Berries andPie

baking, cooking, recipes, eating, and obsessing over food

Thursday, September 23, 2010

Eating in Jindabyne and Perisher, NSW's Snowy Mountains

Eating At the Snow by sazbah, on Flickr

One of the (many, poor) excuses I have for my extended absence here is this: almost every spare moment of my winter has been spent sliding down a mountain.

While the skiing itself isn't cheap, the food available is another thing altogether. If you want to eat on the mountain, in the resort, while skiing, you have to dig deep into your purse. And you don't get much for it. Second rate pies, soggy pizza, and nasty looking fast food is mostly the go, and yet, when there's no other option, folks are willing to pay.

Having said that, it's not all bad news. Especially once you get off the mountain.

I've previously blogge about the fabulous Wild Brumby Schnapps Distillery, and my ongoing love affair with Crackenback Cottage near Jindabyne, in NSW's Snowies.

More recently, I've had the opportunity to eat at Journey Food & Wine Bar in Jindabyne. It's a newer, trendy looking place with really rich, modern, food, making it a stand out for a special meal in the area (our wedding anniversary was spent there this year).

Family and casual meals aren't hard either. The Sundance Bakery in Nugget's Crossing, Jindabyne, is my absolute favourite bakery in the world. I have a lifetime of memories spent here, and even if I am (maybe just a little) biased, their pies and quiches are the best I've ever tasted. Even better? There's a smaller Sundance Bakery in the Perisher Centre--my pick for the single best value place to feed anyone when skiing or boarding for the day.

Every time we visit the snowies, we eat at Mario's Mineshaft, situated just behind Nugget's Crossing in Jindabyne. Woodfired pizza, and an enormous open fire place, make Mario's a great family restaurant. The service is always friendly, and very fast, especially given how busy the place is.

The Sydney Morning Herald's Miss Snow It All wrote about eating at the snow, which got me thinking. There are so many great value places to eat out in the area, and so much to do, but like everything--sometimes you have to look around.

Tuesday, September 14, 2010

Hold the Meat, Please

For the last year--much to my father's horror, and my poor husband's patient tolerance--I've been eating vegetarian. I've nothing against the meat eaters out there, I just went off meat a bit.
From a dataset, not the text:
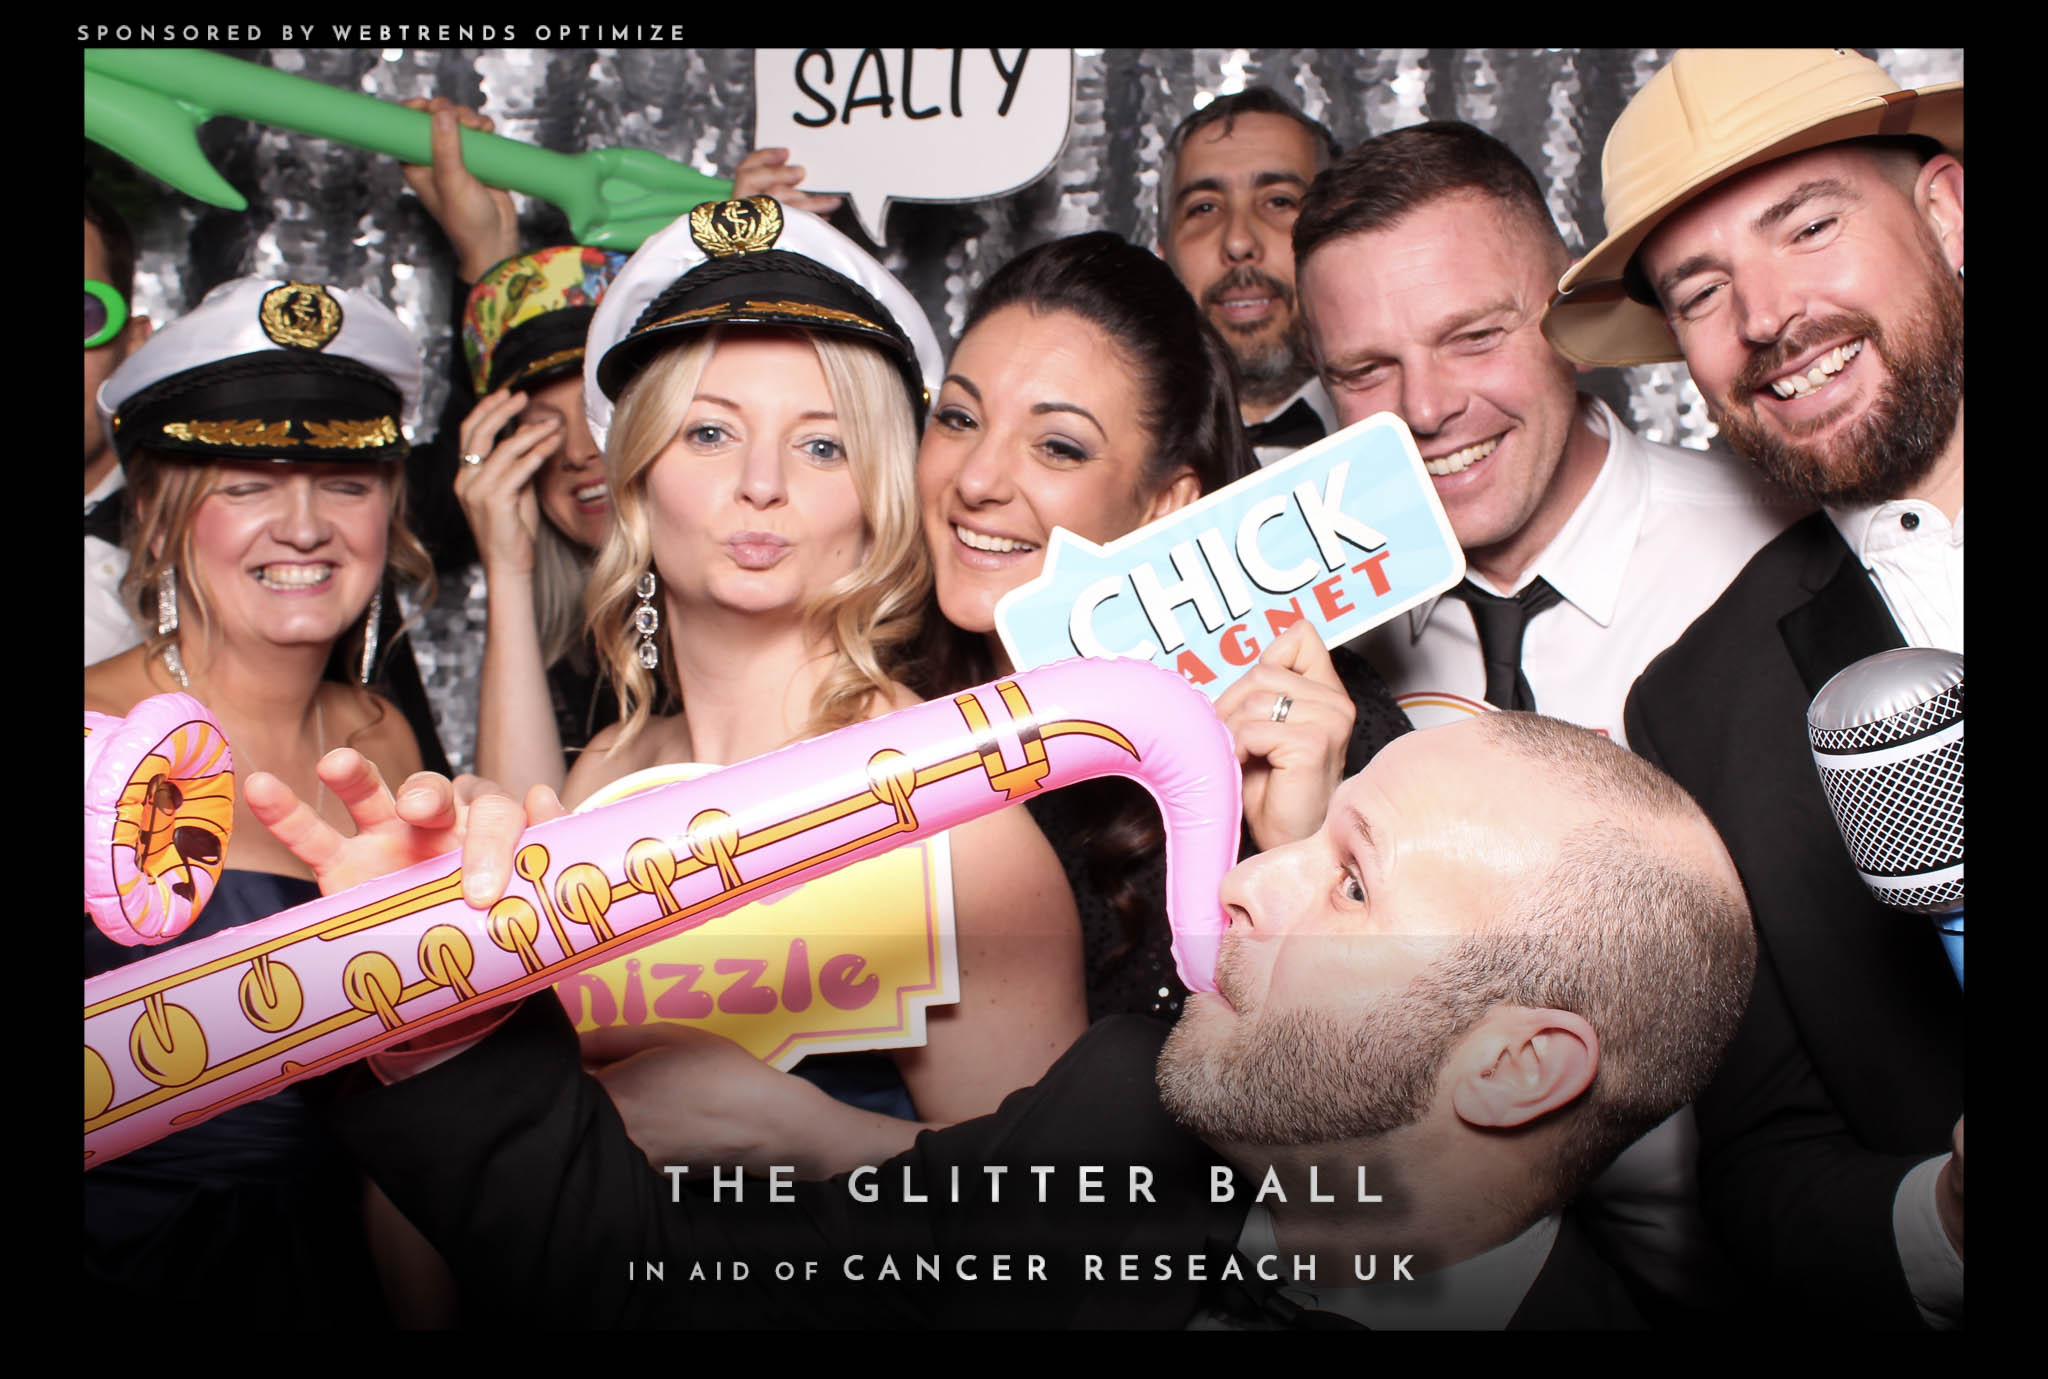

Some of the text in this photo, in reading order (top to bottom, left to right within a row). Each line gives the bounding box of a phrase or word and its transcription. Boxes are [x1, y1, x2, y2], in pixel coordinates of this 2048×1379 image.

Cooking at home is easy, if sometimes a little dull. Of course, like anything, you get into a rut, and end up repeating yourself (eating the same meals over and over), but it's harder with restaurants. I could wind myself up into a tizz about the lack of vegetarian options at restaurants, but truly, most folks are very accomodating. Most restaurants we go to have a couple of very good options for the difficult people like myself, and to be honest, I always had trouble making up my mind when eating out. Two options, rather than twenty? Oh, it's bliss. Makes my lovely hubby happier, too.

I just enjoyed an article in SMH about restaurants and vegetarians. I really cannot fathom either extremes of this argument: passionately anti-vegetarian chefs, and vegetarians with a sense of entitlement. Like one chef said: "A lot of the time, we bend over backwards... we have a tiny kitchen and, when we're busy, we can give them one choice."

I thought the different opinions and experiences of the folks in this article were interesting. I've never had a problem in a restaurant, but then again I'm pretty relaxed. I don't understand people who would deliberately cause a fuss over themselves, or deliberately upset a customer, but each his or her own, eh?